======== MATERIAL SUPPLIED

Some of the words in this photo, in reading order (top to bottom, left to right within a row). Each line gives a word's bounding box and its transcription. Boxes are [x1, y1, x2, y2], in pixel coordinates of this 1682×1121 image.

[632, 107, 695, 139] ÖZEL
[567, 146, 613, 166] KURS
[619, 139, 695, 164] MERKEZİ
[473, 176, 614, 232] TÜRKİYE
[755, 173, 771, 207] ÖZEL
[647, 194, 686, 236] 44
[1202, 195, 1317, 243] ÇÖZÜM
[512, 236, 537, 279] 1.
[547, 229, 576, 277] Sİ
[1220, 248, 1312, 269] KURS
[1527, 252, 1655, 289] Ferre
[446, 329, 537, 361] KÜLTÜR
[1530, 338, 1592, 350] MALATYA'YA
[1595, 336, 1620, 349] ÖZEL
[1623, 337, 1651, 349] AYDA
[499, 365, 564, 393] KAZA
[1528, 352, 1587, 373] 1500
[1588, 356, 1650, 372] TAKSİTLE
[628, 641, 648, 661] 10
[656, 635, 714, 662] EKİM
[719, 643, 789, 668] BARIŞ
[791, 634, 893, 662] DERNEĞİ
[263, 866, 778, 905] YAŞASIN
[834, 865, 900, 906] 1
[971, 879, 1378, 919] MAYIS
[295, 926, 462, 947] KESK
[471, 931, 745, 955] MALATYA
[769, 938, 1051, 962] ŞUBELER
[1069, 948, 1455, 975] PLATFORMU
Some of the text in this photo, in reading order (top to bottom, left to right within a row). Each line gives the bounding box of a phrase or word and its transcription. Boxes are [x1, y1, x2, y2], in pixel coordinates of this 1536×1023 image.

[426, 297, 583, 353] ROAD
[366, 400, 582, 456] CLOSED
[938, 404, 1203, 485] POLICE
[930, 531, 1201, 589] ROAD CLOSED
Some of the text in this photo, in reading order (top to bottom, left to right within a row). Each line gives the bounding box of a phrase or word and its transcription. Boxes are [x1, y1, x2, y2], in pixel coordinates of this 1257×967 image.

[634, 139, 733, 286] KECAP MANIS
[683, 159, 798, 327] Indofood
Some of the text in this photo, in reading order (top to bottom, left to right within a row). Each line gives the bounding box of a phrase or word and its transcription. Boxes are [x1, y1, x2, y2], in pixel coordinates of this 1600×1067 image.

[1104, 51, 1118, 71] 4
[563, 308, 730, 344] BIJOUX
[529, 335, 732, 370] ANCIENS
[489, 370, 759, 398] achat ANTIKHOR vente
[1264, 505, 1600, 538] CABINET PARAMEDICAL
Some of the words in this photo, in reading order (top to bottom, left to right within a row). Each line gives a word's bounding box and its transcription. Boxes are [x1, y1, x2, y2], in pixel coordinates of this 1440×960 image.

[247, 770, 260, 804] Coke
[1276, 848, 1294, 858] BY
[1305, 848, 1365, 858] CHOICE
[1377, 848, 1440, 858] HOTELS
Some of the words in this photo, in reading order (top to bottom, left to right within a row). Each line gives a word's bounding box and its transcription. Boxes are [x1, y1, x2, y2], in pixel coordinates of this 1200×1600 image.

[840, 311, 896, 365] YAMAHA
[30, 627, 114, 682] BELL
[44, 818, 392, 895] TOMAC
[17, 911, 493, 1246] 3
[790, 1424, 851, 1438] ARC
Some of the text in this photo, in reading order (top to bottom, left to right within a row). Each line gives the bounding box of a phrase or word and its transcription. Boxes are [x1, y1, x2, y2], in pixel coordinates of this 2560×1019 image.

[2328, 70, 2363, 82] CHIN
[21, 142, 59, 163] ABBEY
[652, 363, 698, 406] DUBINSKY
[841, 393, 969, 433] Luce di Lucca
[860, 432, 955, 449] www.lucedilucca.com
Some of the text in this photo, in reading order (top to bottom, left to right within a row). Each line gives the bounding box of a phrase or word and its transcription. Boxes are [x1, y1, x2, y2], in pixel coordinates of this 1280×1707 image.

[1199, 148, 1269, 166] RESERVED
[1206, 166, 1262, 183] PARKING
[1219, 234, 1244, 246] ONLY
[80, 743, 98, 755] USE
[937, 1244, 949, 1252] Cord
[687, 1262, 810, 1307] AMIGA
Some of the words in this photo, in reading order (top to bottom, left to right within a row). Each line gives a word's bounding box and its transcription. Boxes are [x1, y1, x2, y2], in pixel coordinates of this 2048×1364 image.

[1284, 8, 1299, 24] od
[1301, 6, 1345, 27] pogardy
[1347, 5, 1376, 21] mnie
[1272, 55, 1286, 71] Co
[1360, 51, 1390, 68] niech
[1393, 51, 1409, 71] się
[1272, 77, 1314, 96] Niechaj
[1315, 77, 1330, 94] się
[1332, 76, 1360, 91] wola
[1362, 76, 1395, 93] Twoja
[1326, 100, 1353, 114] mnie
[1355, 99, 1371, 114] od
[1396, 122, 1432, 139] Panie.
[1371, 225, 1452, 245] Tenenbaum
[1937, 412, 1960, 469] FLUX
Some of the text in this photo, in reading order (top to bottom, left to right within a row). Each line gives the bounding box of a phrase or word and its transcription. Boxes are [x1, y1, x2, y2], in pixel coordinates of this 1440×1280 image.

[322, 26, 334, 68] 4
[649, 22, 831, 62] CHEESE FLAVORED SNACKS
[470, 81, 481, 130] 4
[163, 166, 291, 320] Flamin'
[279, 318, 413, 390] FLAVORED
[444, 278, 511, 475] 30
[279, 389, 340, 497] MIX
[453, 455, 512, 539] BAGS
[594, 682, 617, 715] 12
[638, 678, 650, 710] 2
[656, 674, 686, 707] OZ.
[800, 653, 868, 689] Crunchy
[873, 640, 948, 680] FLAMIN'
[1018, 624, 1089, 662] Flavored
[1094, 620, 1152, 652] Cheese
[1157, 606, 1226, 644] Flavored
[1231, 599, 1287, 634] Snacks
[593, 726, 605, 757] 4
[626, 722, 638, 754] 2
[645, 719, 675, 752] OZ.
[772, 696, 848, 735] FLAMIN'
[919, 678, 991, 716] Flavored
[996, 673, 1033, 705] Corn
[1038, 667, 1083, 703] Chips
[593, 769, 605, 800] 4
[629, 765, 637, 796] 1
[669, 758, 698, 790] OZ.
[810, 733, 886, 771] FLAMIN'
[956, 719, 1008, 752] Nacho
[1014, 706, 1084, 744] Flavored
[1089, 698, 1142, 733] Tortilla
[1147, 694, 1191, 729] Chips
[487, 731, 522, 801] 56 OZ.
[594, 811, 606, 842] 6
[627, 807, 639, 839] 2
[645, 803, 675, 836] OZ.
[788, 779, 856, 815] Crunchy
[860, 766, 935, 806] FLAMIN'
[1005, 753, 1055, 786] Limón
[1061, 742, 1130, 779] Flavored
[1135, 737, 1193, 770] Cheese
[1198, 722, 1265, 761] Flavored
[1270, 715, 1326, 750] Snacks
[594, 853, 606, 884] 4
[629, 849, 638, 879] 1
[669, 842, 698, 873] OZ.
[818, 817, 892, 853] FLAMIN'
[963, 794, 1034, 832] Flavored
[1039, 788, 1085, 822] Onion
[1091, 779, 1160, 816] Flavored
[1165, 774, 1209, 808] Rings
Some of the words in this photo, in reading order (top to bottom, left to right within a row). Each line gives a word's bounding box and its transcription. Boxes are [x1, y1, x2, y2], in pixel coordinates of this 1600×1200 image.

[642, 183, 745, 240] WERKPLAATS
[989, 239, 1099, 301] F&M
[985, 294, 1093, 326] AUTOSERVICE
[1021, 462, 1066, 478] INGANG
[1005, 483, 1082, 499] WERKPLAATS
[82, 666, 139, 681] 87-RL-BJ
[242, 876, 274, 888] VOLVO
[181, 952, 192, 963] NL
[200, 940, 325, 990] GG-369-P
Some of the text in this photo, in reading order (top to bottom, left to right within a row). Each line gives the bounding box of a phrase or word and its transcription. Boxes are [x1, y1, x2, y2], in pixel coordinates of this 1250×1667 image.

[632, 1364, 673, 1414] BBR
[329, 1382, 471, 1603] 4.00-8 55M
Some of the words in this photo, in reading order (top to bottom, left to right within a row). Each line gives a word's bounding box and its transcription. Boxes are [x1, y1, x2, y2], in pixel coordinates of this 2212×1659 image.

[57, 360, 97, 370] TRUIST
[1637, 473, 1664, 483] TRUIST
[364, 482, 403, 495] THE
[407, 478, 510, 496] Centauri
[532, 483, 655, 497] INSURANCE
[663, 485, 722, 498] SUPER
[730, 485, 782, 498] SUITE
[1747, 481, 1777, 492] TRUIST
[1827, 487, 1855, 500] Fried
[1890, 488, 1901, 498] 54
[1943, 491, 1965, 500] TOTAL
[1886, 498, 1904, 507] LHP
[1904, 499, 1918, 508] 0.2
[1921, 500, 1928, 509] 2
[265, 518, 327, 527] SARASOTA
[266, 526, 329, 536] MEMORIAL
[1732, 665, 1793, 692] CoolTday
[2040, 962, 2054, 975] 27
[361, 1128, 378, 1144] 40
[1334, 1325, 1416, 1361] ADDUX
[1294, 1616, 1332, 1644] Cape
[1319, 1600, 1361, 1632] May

================

## WHAT YOU ARE ASKED TO DO
The answer is the line containing "this 2212×1659 image." together with every line after it in the records, repeated exactly and with nothing else.

## TASK RESULT
Some of the words in this photo, in reading order (top to bottom, left to right within a row). Each line gives a word's bounding box and its transcription. Boxes are [x1, y1, x2, y2], in pixel coordinates of this 2212×1659 image.

[57, 360, 97, 370] TRUIST
[1637, 473, 1664, 483] TRUIST
[364, 482, 403, 495] THE
[407, 478, 510, 496] Centauri
[532, 483, 655, 497] INSURANCE
[663, 485, 722, 498] SUPER
[730, 485, 782, 498] SUITE
[1747, 481, 1777, 492] TRUIST
[1827, 487, 1855, 500] Fried
[1890, 488, 1901, 498] 54
[1943, 491, 1965, 500] TOTAL
[1886, 498, 1904, 507] LHP
[1904, 499, 1918, 508] 0.2
[1921, 500, 1928, 509] 2
[265, 518, 327, 527] SARASOTA
[266, 526, 329, 536] MEMORIAL
[1732, 665, 1793, 692] CoolTday
[2040, 962, 2054, 975] 27
[361, 1128, 378, 1144] 40
[1334, 1325, 1416, 1361] ADDUX
[1294, 1616, 1332, 1644] Cape
[1319, 1600, 1361, 1632] May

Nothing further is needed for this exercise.